- [AIM OF THE EXERCISE]:
Reproduce all entries verbatim, with nothing added or dropped.

Records from a data source
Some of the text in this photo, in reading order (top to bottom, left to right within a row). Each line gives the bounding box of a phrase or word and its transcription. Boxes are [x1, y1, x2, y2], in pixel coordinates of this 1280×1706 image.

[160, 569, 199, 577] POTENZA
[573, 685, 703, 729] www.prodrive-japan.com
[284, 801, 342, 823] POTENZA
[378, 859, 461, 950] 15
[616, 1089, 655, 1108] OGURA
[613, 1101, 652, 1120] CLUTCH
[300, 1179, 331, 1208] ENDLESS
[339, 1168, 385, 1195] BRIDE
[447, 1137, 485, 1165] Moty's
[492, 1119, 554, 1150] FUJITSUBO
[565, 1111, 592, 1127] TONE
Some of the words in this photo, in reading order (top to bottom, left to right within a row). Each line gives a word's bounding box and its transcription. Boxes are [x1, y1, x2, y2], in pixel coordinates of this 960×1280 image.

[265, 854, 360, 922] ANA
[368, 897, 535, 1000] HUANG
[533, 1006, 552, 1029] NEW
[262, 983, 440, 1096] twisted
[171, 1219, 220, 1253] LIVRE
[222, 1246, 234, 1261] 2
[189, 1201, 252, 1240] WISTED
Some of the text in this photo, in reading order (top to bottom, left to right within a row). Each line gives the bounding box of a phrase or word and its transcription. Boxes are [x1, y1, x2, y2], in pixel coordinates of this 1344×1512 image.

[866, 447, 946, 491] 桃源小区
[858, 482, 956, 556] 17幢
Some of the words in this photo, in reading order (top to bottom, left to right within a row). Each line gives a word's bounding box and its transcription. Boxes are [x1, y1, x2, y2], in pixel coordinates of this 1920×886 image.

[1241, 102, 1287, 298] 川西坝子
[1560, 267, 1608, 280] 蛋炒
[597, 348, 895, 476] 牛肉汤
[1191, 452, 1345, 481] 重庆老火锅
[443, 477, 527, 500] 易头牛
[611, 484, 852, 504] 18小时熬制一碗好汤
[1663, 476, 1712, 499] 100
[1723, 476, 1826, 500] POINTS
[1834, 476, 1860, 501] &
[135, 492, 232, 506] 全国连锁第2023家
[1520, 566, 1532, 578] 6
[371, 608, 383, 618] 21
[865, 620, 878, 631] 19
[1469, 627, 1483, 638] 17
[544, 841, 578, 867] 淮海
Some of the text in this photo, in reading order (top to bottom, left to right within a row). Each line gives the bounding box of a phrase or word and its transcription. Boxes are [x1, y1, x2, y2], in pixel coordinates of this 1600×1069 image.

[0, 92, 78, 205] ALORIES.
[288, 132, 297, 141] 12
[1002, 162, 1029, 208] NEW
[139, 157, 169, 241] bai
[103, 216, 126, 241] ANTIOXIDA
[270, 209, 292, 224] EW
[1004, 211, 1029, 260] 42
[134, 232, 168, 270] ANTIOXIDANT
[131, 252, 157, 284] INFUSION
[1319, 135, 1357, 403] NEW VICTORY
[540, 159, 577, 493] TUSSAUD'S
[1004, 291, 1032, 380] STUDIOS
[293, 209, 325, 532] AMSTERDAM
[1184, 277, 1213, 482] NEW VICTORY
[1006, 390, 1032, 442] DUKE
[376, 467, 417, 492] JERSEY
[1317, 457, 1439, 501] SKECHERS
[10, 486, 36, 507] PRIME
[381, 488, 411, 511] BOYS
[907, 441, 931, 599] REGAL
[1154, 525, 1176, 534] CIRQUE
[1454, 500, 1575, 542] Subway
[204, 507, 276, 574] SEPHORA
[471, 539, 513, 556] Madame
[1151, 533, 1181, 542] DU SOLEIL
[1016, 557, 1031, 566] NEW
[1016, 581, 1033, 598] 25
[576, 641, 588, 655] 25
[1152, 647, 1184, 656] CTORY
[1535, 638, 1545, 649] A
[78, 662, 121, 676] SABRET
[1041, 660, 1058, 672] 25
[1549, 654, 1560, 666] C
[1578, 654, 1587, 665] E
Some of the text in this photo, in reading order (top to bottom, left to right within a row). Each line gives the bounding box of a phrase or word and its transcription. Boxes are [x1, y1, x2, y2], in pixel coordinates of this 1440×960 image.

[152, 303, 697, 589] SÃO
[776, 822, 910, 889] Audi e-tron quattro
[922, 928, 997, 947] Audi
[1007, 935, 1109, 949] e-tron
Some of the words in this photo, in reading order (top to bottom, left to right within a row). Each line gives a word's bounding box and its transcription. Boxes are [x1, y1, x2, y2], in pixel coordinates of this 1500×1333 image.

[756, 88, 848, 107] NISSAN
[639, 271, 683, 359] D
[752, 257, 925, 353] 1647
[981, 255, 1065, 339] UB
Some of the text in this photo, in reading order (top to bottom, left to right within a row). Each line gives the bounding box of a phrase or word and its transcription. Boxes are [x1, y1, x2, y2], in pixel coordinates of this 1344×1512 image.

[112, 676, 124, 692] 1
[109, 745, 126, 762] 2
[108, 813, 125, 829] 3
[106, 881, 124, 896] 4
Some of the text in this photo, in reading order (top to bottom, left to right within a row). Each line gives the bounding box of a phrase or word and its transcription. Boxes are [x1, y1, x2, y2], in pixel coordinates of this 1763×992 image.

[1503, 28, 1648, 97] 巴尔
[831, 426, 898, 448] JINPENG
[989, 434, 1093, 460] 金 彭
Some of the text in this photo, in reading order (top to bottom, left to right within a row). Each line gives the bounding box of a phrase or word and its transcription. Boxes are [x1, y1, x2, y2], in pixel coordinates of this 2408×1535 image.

- [EXERCISE RESULT]:
Some of the text in this photo, in reading order (top to bottom, left to right within a row). Each line gives the bounding box of a phrase or word and its transcription. Boxes are [x1, y1, x2, y2], in pixel coordinates of this 1280×1706 image.

[160, 569, 199, 577] POTENZA
[573, 685, 703, 729] www.prodrive-japan.com
[284, 801, 342, 823] POTENZA
[378, 859, 461, 950] 15
[616, 1089, 655, 1108] OGURA
[613, 1101, 652, 1120] CLUTCH
[300, 1179, 331, 1208] ENDLESS
[339, 1168, 385, 1195] BRIDE
[447, 1137, 485, 1165] Moty's
[492, 1119, 554, 1150] FUJITSUBO
[565, 1111, 592, 1127] TONE
Some of the words in this photo, in reading order (top to bottom, left to right within a row). Each line gives a word's bounding box and its transcription. Boxes are [x1, y1, x2, y2], in pixel coordinates of this 960×1280 image.

[265, 854, 360, 922] ANA
[368, 897, 535, 1000] HUANG
[533, 1006, 552, 1029] NEW
[262, 983, 440, 1096] twisted
[171, 1219, 220, 1253] LIVRE
[222, 1246, 234, 1261] 2
[189, 1201, 252, 1240] WISTED
Some of the text in this photo, in reading order (top to bottom, left to right within a row). Each line gives the bounding box of a phrase or word and its transcription. Boxes are [x1, y1, x2, y2], in pixel coordinates of this 1344×1512 image.

[866, 447, 946, 491] 桃源小区
[858, 482, 956, 556] 17幢
Some of the words in this photo, in reading order (top to bottom, left to right within a row). Each line gives a word's bounding box and its transcription. Boxes are [x1, y1, x2, y2], in pixel coordinates of this 1920×886 image.

[1241, 102, 1287, 298] 川西坝子
[1560, 267, 1608, 280] 蛋炒
[597, 348, 895, 476] 牛肉汤
[1191, 452, 1345, 481] 重庆老火锅
[443, 477, 527, 500] 易头牛
[611, 484, 852, 504] 18小时熬制一碗好汤
[1663, 476, 1712, 499] 100
[1723, 476, 1826, 500] POINTS
[1834, 476, 1860, 501] &
[135, 492, 232, 506] 全国连锁第2023家
[1520, 566, 1532, 578] 6
[371, 608, 383, 618] 21
[865, 620, 878, 631] 19
[1469, 627, 1483, 638] 17
[544, 841, 578, 867] 淮海
Some of the text in this photo, in reading order (top to bottom, left to right within a row). Each line gives the bounding box of a phrase or word and its transcription. Boxes are [x1, y1, x2, y2], in pixel coordinates of this 1600×1069 image.

[0, 92, 78, 205] ALORIES.
[288, 132, 297, 141] 12
[1002, 162, 1029, 208] NEW
[139, 157, 169, 241] bai
[103, 216, 126, 241] ANTIOXIDA
[270, 209, 292, 224] EW
[1004, 211, 1029, 260] 42
[134, 232, 168, 270] ANTIOXIDANT
[131, 252, 157, 284] INFUSION
[1319, 135, 1357, 403] NEW VICTORY
[540, 159, 577, 493] TUSSAUD'S
[1004, 291, 1032, 380] STUDIOS
[293, 209, 325, 532] AMSTERDAM
[1184, 277, 1213, 482] NEW VICTORY
[1006, 390, 1032, 442] DUKE
[376, 467, 417, 492] JERSEY
[1317, 457, 1439, 501] SKECHERS
[10, 486, 36, 507] PRIME
[381, 488, 411, 511] BOYS
[907, 441, 931, 599] REGAL
[1154, 525, 1176, 534] CIRQUE
[1454, 500, 1575, 542] Subway
[204, 507, 276, 574] SEPHORA
[471, 539, 513, 556] Madame
[1151, 533, 1181, 542] DU SOLEIL
[1016, 557, 1031, 566] NEW
[1016, 581, 1033, 598] 25
[576, 641, 588, 655] 25
[1152, 647, 1184, 656] CTORY
[1535, 638, 1545, 649] A
[78, 662, 121, 676] SABRET
[1041, 660, 1058, 672] 25
[1549, 654, 1560, 666] C
[1578, 654, 1587, 665] E
Some of the text in this photo, in reading order (top to bottom, left to right within a row). Each line gives the bounding box of a phrase or word and its transcription. Boxes are [x1, y1, x2, y2], in pixel coordinates of this 1440×960 image.

[152, 303, 697, 589] SÃO
[776, 822, 910, 889] Audi e-tron quattro
[922, 928, 997, 947] Audi
[1007, 935, 1109, 949] e-tron
Some of the words in this photo, in reading order (top to bottom, left to right within a row). Each line gives a word's bounding box and its transcription. Boxes are [x1, y1, x2, y2], in pixel coordinates of this 1500×1333 image.

[756, 88, 848, 107] NISSAN
[639, 271, 683, 359] D
[752, 257, 925, 353] 1647
[981, 255, 1065, 339] UB
Some of the text in this photo, in reading order (top to bottom, left to right within a row). Each line gives the bounding box of a phrase or word and its transcription. Boxes are [x1, y1, x2, y2], in pixel coordinates of this 1344×1512 image.

[112, 676, 124, 692] 1
[109, 745, 126, 762] 2
[108, 813, 125, 829] 3
[106, 881, 124, 896] 4
Some of the text in this photo, in reading order (top to bottom, left to right within a row). Each line gives the bounding box of a phrase or word and its transcription. Boxes are [x1, y1, x2, y2], in pixel coordinates of this 1763×992 image.

[1503, 28, 1648, 97] 巴尔
[831, 426, 898, 448] JINPENG
[989, 434, 1093, 460] 金 彭
Some of the text in this photo, in reading order (top to bottom, left to right within a row). Each line gives the bounding box of a phrase or word and its transcription. Boxes are [x1, y1, x2, y2], in pixel coordinates of this 2408×1535 image.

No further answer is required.